── Source material ──
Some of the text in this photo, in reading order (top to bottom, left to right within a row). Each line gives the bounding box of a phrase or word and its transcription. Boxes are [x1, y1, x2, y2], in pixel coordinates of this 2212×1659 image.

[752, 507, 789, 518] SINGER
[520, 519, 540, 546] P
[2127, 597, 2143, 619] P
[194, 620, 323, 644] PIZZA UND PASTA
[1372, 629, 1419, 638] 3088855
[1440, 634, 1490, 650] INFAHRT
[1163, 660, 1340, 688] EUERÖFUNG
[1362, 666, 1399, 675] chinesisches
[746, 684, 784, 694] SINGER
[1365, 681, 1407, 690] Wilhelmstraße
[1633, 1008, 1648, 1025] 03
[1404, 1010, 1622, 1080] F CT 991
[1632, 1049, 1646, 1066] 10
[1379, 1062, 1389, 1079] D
───
** Activity **
Print all of the entries exactly as they are written.

** Answer box **
Some of the text in this photo, in reading order (top to bottom, left to right within a row). Each line gives the bounding box of a phrase or word and its transcription. Boxes are [x1, y1, x2, y2], in pixel coordinates of this 2212×1659 image.

[752, 507, 789, 518] SINGER
[520, 519, 540, 546] P
[2127, 597, 2143, 619] P
[194, 620, 323, 644] PIZZA UND PASTA
[1372, 629, 1419, 638] 3088855
[1440, 634, 1490, 650] INFAHRT
[1163, 660, 1340, 688] EUERÖFUNG
[1362, 666, 1399, 675] chinesisches
[746, 684, 784, 694] SINGER
[1365, 681, 1407, 690] Wilhelmstraße
[1633, 1008, 1648, 1025] 03
[1404, 1010, 1622, 1080] F CT 991
[1632, 1049, 1646, 1066] 10
[1379, 1062, 1389, 1079] D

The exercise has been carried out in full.